▸ **To do**: Take the data that follows and retype it word for word.

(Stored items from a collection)
________________________

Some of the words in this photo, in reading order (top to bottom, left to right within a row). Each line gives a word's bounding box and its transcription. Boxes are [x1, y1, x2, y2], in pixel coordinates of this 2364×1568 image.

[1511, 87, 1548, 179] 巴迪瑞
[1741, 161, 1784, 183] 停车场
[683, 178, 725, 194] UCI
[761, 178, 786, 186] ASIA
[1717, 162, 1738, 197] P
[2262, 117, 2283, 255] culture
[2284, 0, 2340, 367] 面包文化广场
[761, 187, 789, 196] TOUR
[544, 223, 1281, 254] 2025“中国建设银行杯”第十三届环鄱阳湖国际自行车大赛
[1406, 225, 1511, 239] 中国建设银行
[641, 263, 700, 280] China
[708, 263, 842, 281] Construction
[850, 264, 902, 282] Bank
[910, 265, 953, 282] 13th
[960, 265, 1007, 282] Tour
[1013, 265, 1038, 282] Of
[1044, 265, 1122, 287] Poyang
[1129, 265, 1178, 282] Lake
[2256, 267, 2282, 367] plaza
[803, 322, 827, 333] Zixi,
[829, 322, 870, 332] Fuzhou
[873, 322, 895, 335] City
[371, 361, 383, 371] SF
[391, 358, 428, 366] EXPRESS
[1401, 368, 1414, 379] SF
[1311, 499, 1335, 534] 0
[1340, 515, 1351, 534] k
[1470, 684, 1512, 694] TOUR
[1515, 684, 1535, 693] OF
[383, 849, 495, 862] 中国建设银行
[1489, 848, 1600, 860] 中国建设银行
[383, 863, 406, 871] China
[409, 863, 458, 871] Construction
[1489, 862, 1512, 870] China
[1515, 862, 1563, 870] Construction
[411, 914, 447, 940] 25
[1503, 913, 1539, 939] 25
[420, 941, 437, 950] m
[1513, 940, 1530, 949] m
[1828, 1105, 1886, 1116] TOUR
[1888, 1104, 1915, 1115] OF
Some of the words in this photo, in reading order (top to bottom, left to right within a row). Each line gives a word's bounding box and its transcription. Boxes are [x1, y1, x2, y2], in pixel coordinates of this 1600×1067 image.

________________________

▸ **Answer**:
Some of the words in this photo, in reading order (top to bottom, left to right within a row). Each line gives a word's bounding box and its transcription. Boxes are [x1, y1, x2, y2], in pixel coordinates of this 2364×1568 image.

[1511, 87, 1548, 179] 巴迪瑞
[1741, 161, 1784, 183] 停车场
[683, 178, 725, 194] UCI
[761, 178, 786, 186] ASIA
[1717, 162, 1738, 197] P
[2262, 117, 2283, 255] culture
[2284, 0, 2340, 367] 面包文化广场
[761, 187, 789, 196] TOUR
[544, 223, 1281, 254] 2025“中国建设银行杯”第十三届环鄱阳湖国际自行车大赛
[1406, 225, 1511, 239] 中国建设银行
[641, 263, 700, 280] China
[708, 263, 842, 281] Construction
[850, 264, 902, 282] Bank
[910, 265, 953, 282] 13th
[960, 265, 1007, 282] Tour
[1013, 265, 1038, 282] Of
[1044, 265, 1122, 287] Poyang
[1129, 265, 1178, 282] Lake
[2256, 267, 2282, 367] plaza
[803, 322, 827, 333] Zixi,
[829, 322, 870, 332] Fuzhou
[873, 322, 895, 335] City
[371, 361, 383, 371] SF
[391, 358, 428, 366] EXPRESS
[1401, 368, 1414, 379] SF
[1311, 499, 1335, 534] 0
[1340, 515, 1351, 534] k
[1470, 684, 1512, 694] TOUR
[1515, 684, 1535, 693] OF
[383, 849, 495, 862] 中国建设银行
[1489, 848, 1600, 860] 中国建设银行
[383, 863, 406, 871] China
[409, 863, 458, 871] Construction
[1489, 862, 1512, 870] China
[1515, 862, 1563, 870] Construction
[411, 914, 447, 940] 25
[1503, 913, 1539, 939] 25
[420, 941, 437, 950] m
[1513, 940, 1530, 949] m
[1828, 1105, 1886, 1116] TOUR
[1888, 1104, 1915, 1115] OF
Some of the words in this photo, in reading order (top to bottom, left to right within a row). Each line gives a word's bounding box and its transcription. Boxes are [x1, y1, x2, y2], in pixel coordinates of this 1600×1067 image.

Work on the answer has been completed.